Hacker News new | ask | show | jobs
by lutusp 4307 days ago
> Ooh, here come the Scientologists!

So, because some critics of psychiatry are Scientologists, therefore all critics of psychiatry are Scientologists? I can only recommend a crash course in logic.

> to say with such grandiose broad-stroked generalizing that psychiatry (or, perhaps you mean instead/also neurological pharmacology) is not science is simply untrue.

The burden is not on critics to prove that psychiatry isn't a science, the burden is on psychiatry to prove that it is (for the history-illiterate, it has never been a science and many of its staunchest advocates freely admit this, including Freud). The recent NIMH ruling, to which I alluded in my post above, suggests that the granting agencies aren't going to wait for that burden of evidence to be met ---- psychiatry is not a science, is not an evidence-based practice, and can't masquerade as such without evidence.

> Anyone with Google at their fingertips can find a dozen peer-reviewed articles about serotonin's link to mood and behavior.

Yes, and there's a name for that: confirmation bias. Have you bothered to ask yourself how the FDA could come out and say that SSRIs don't actually work, and how that meta-analysis could coexist what all those other studies that claim otherwise? And how could this most recent study, which shows no correlation between serotonin and depression, survive the critical eyes of editors and reviewers to find its way into print?

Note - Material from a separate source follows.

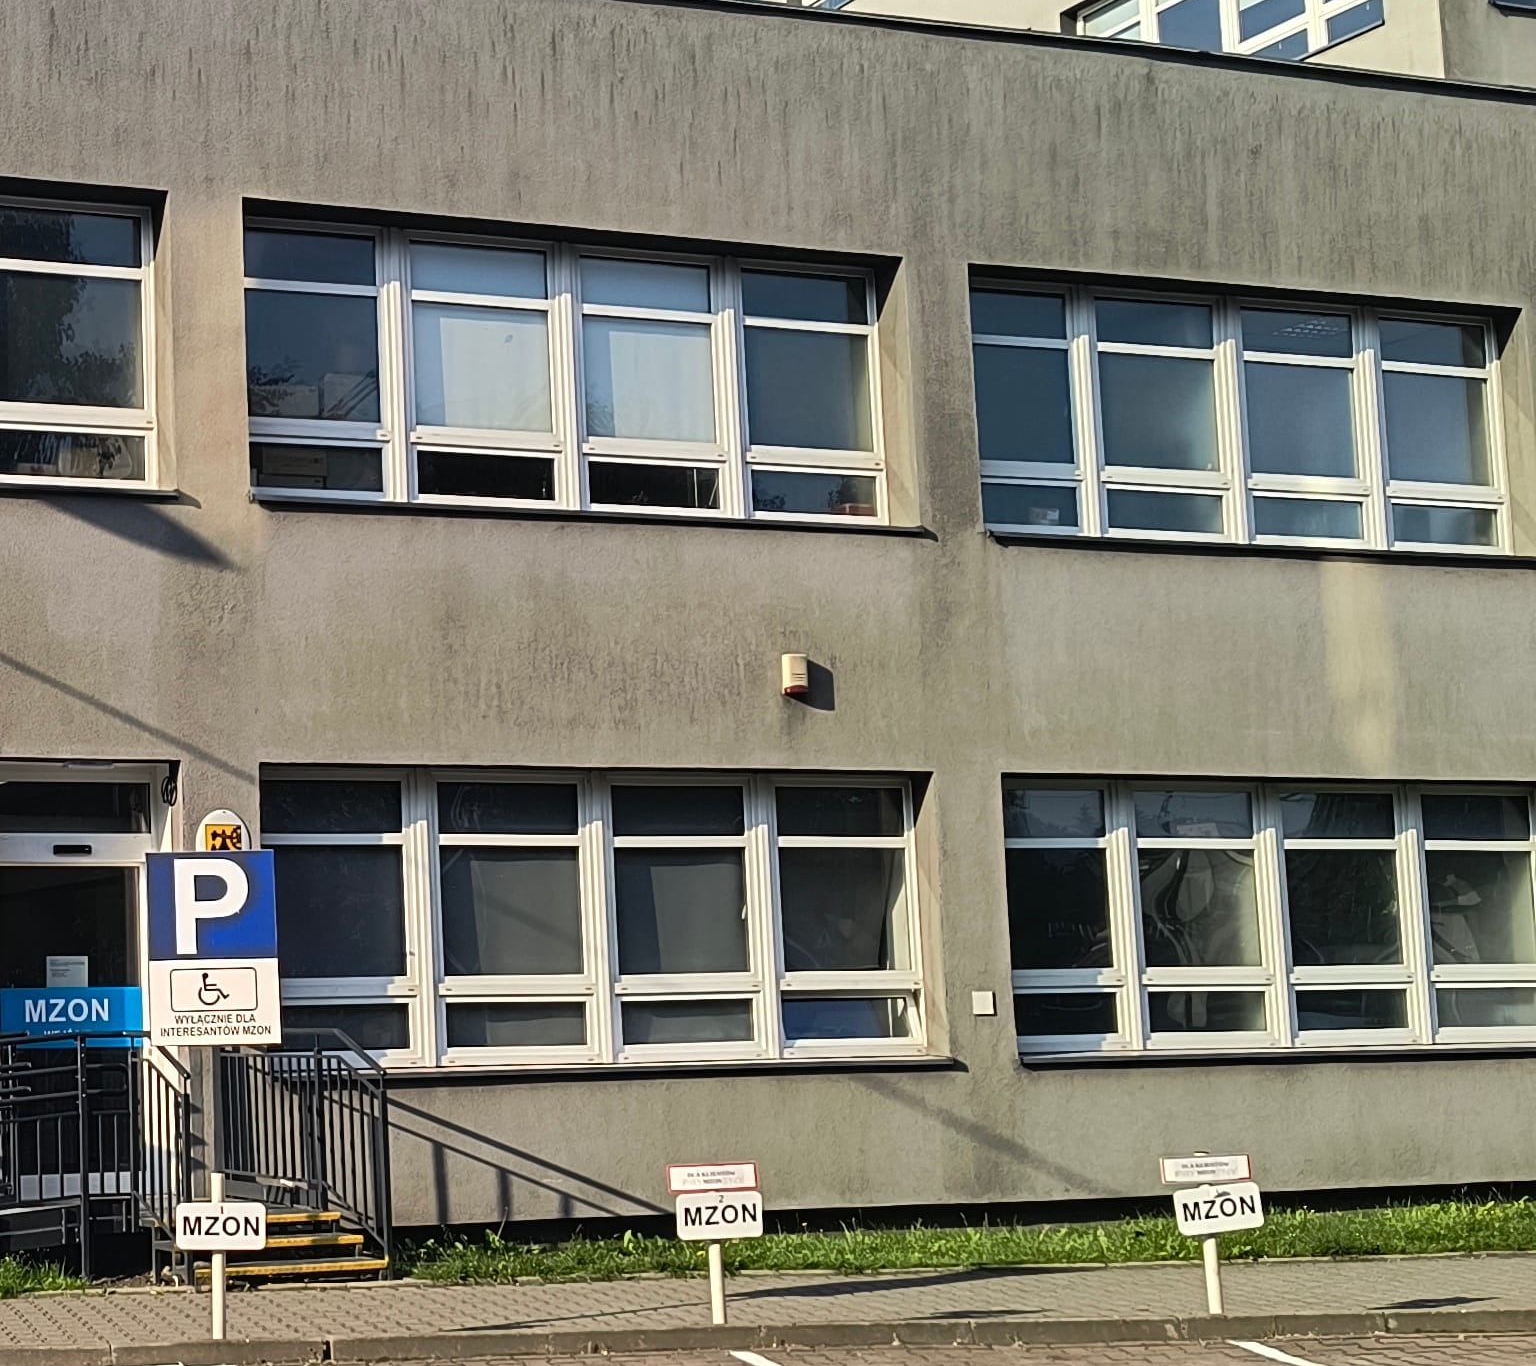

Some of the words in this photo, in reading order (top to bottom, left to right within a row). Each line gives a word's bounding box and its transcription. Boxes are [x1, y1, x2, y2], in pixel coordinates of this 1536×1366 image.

The FDA meta-analysis, which for the first time included studies that the drug companies funded but then chose not to publish, and which showed no clinically significant effect from SSRIs, is not by itself conclusive, but the silence that followed it certainly is. There are too many interested parties involved for that study to go unchallenged ... if a challenge were possible.

This most recent study simply shows why SSRIs don't work -- because serotonin and depression aren't correlated, therefore SSRIs cannot possibly work, in principle.